[Images for object localization]
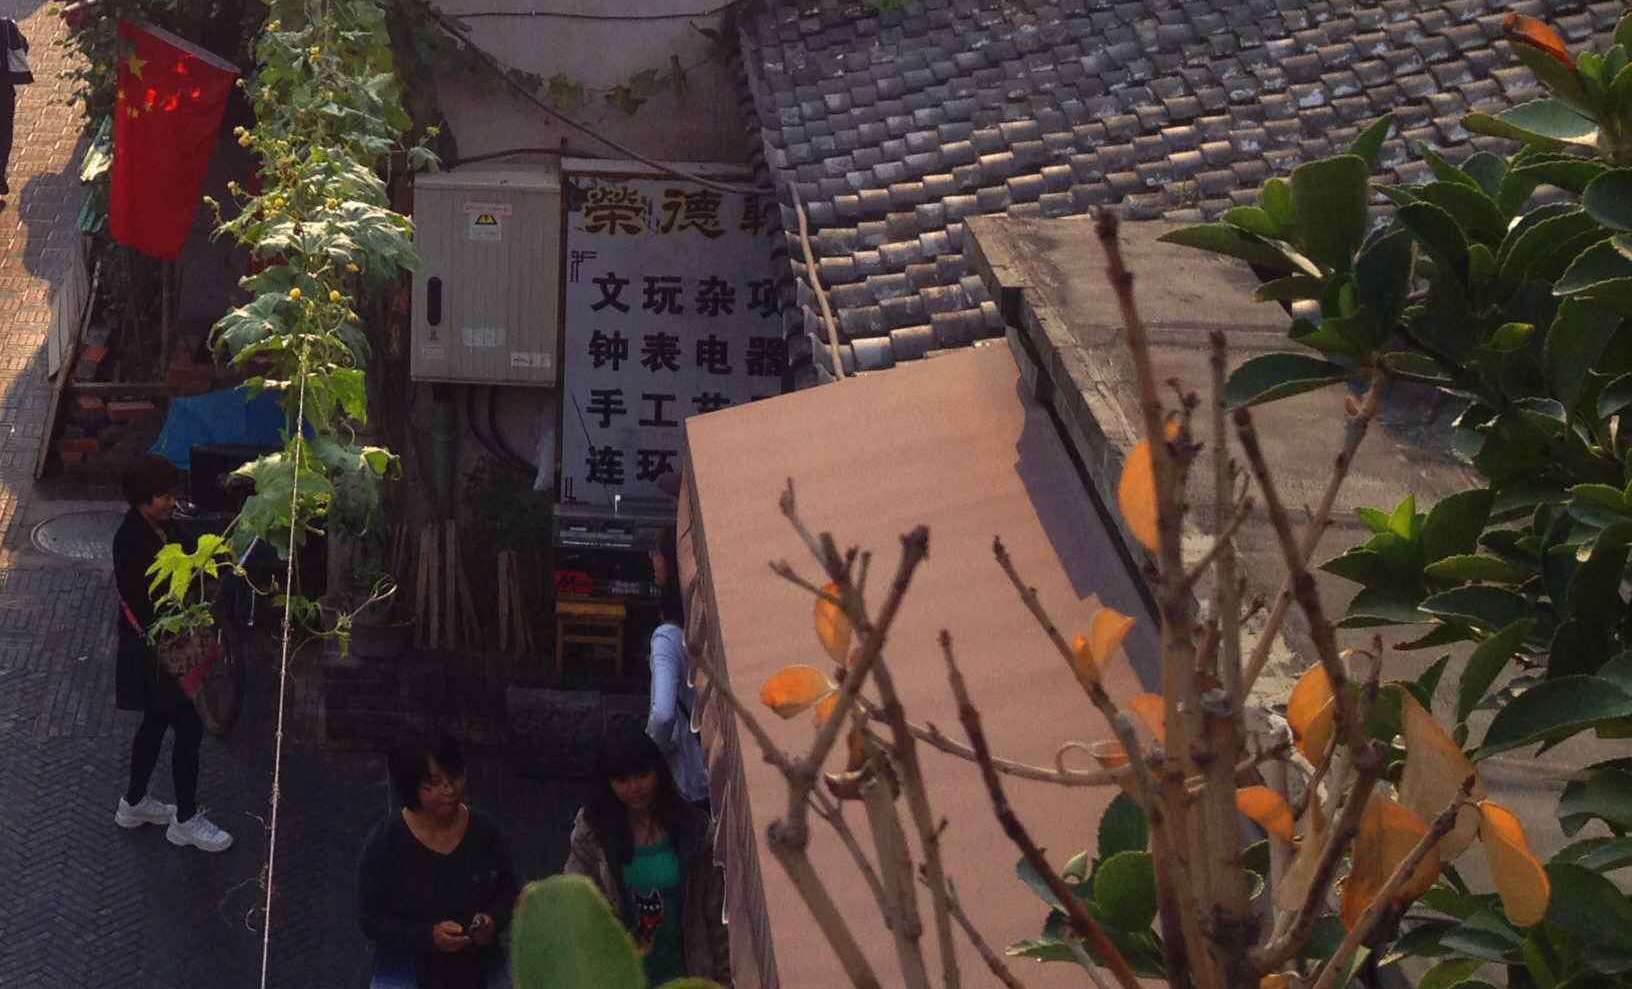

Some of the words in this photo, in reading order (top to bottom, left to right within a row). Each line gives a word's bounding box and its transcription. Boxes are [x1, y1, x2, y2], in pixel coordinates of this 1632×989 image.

[588, 329, 788, 377] 钟表电器
[586, 387, 774, 429] 手工艺
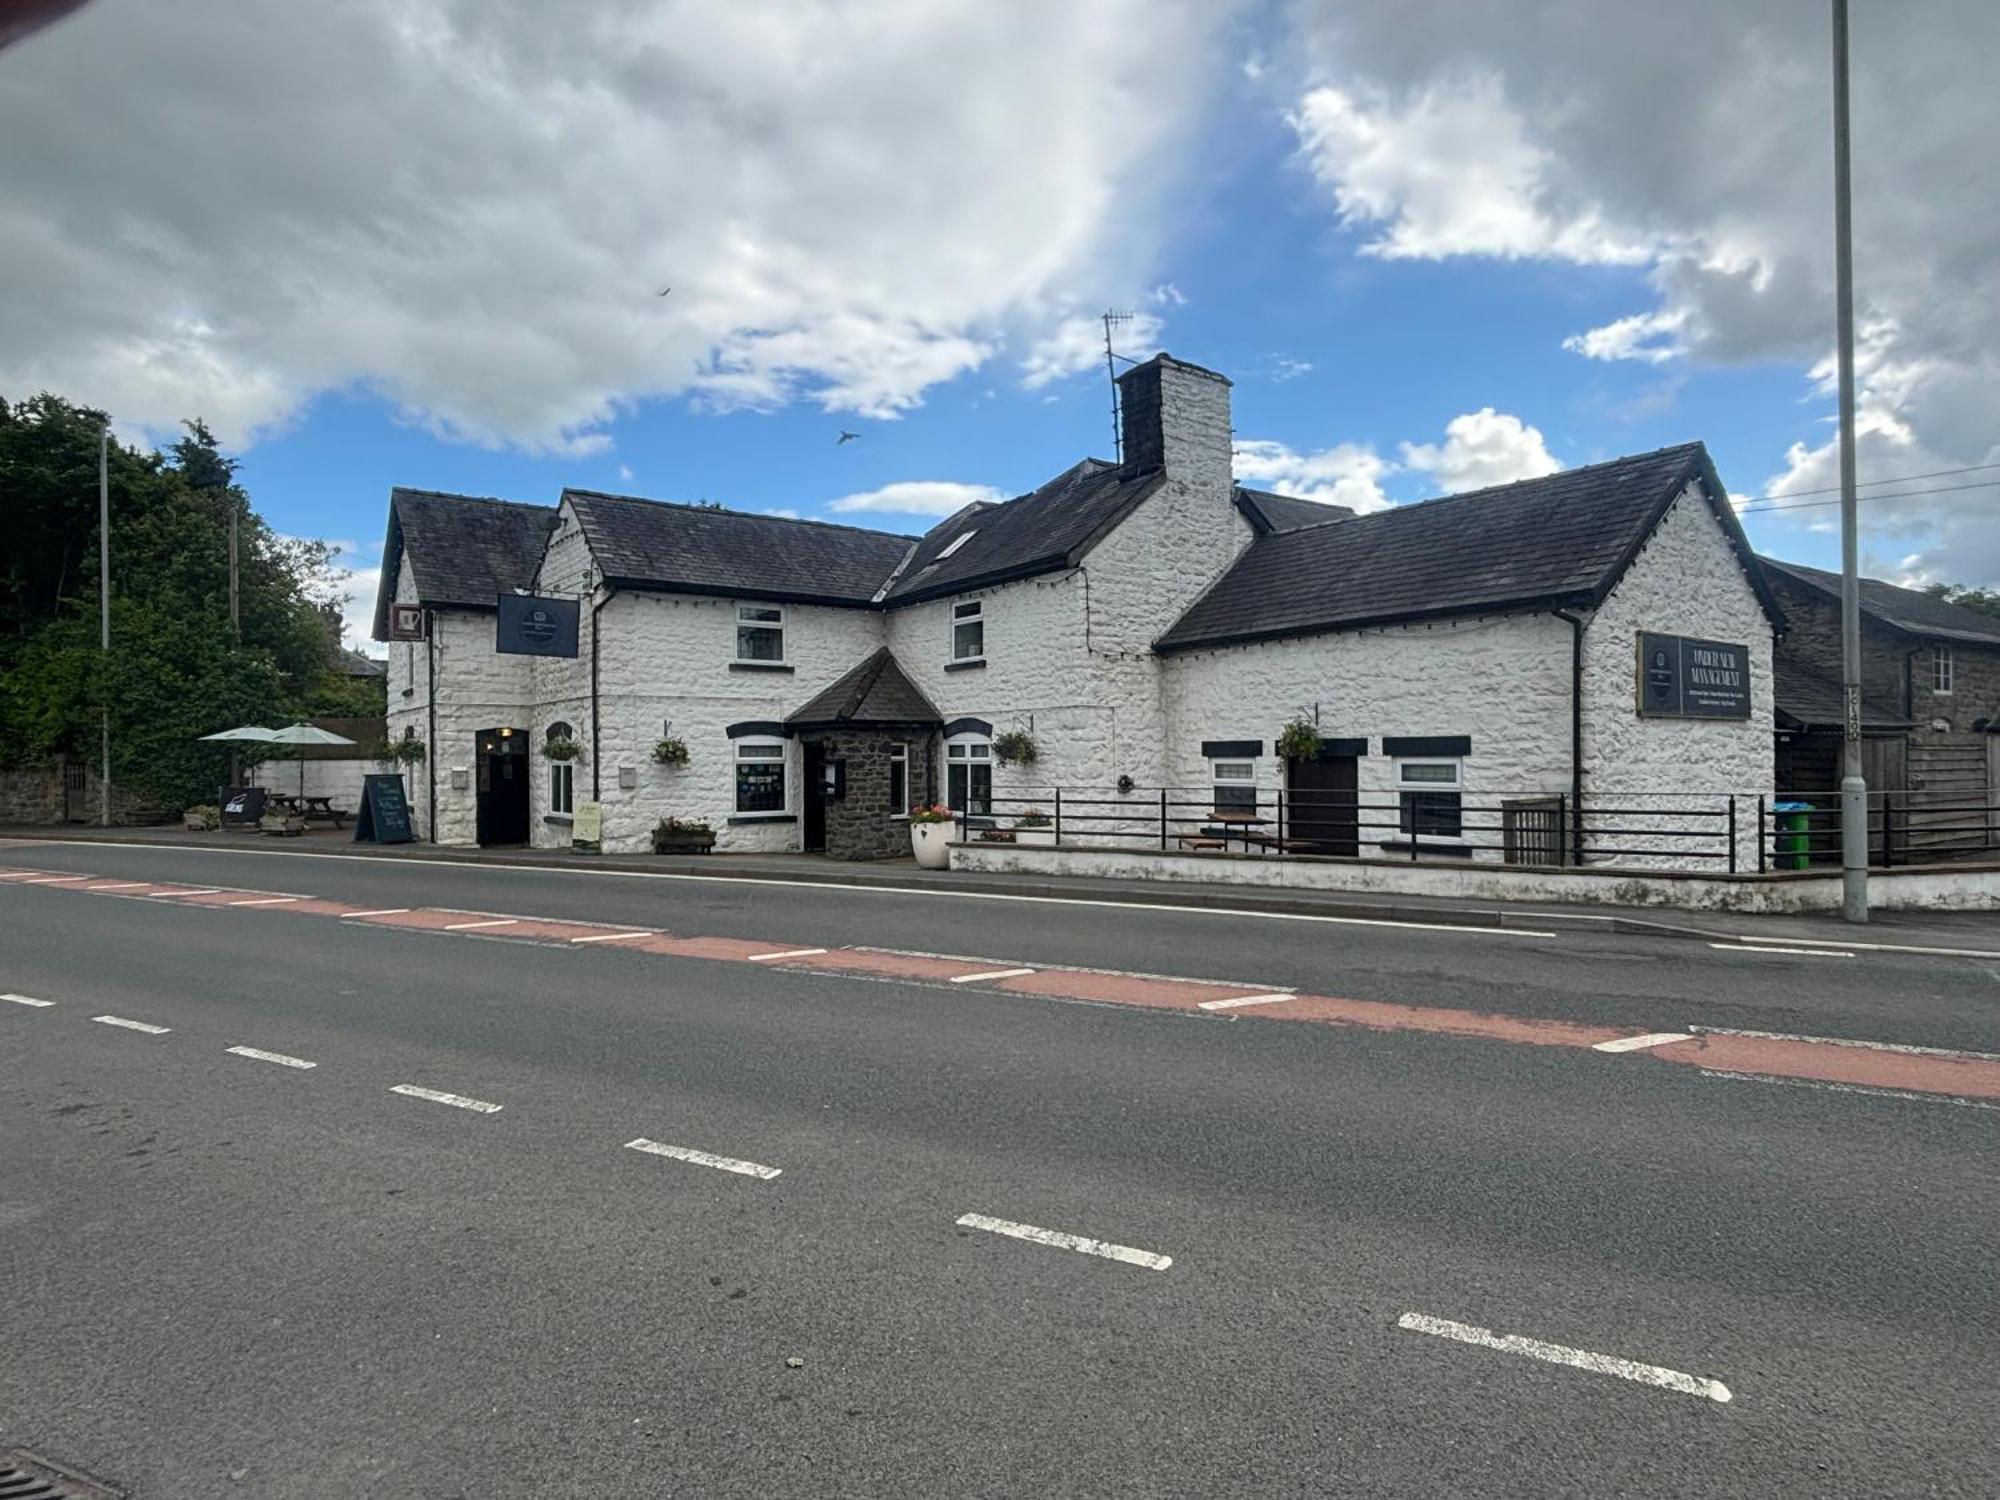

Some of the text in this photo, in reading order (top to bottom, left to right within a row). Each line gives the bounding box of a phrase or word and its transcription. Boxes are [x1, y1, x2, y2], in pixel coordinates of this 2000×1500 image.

[1694, 649, 1735, 668] UNDER NEW
[1691, 667, 1740, 686] MANAGEMENT
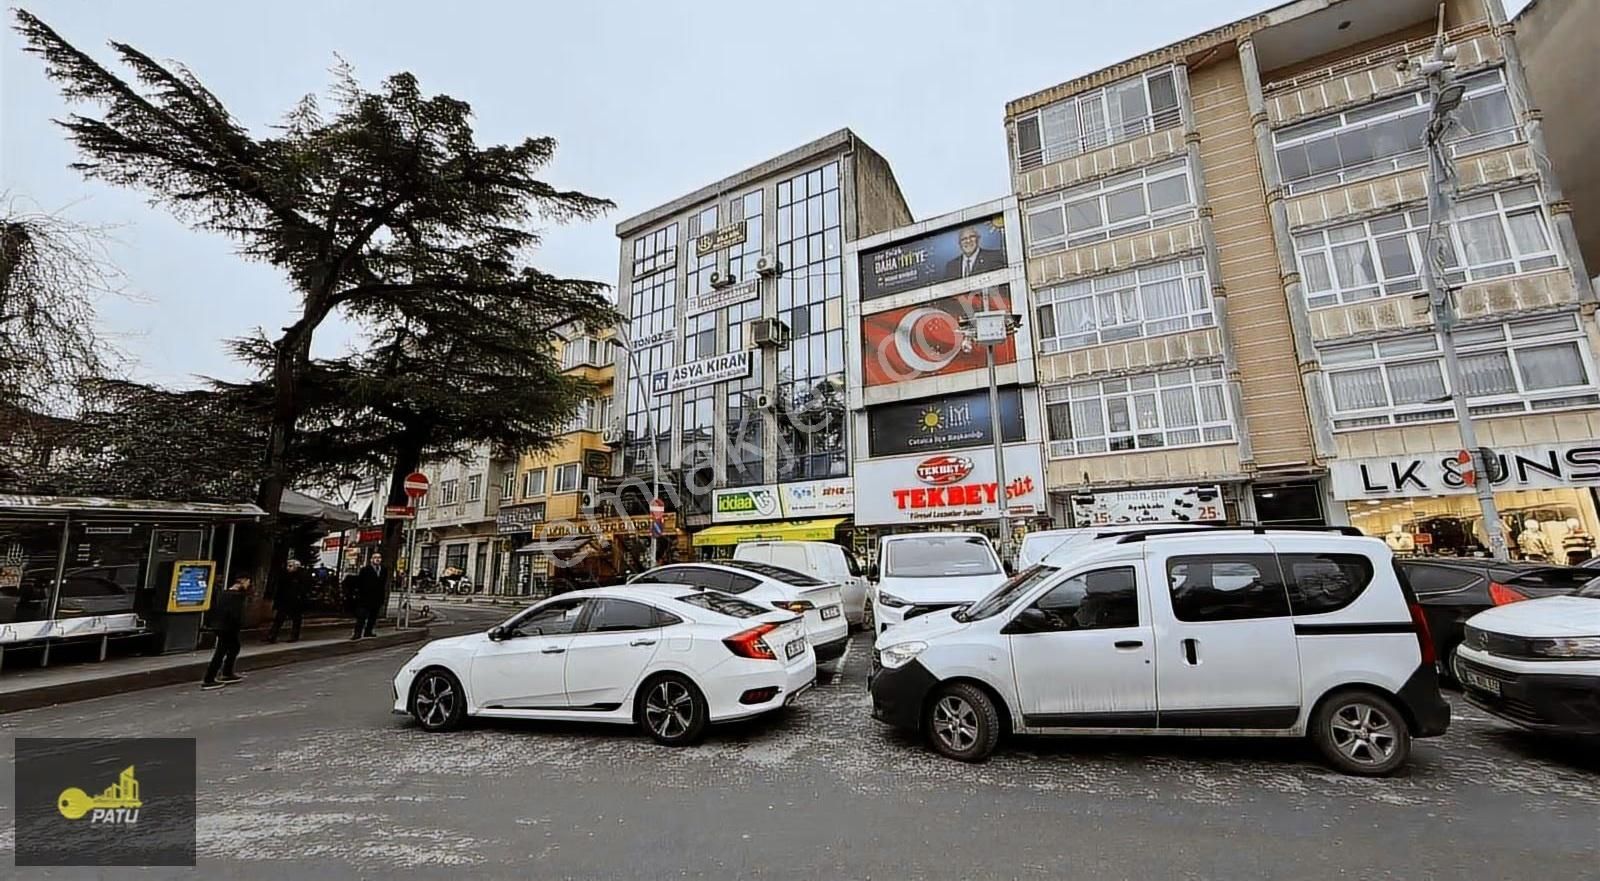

Your instructions: Give every line above again exactly, omitting whatever pictures appear.

Exercise response:
Some of the words in this photo, in reading order (top to bottom, left to right within a row). Each line gives a word's bounding box and its transcription. Boxes are [x1, y1, x2, y2], in pixel coordinates of this 1632×989 image.

[588, 329, 788, 377] 钟表电器
[586, 387, 774, 429] 手工艺

Some of the text in this photo, in reading order (top to bottom, left to right within a row). Each line gives the bounding box of a phrase or word and its transcription. Boxes are [x1, y1, x2, y2], in pixel coordinates of this 2000×1500 image.

[1694, 649, 1735, 668] UNDER NEW
[1691, 667, 1740, 686] MANAGEMENT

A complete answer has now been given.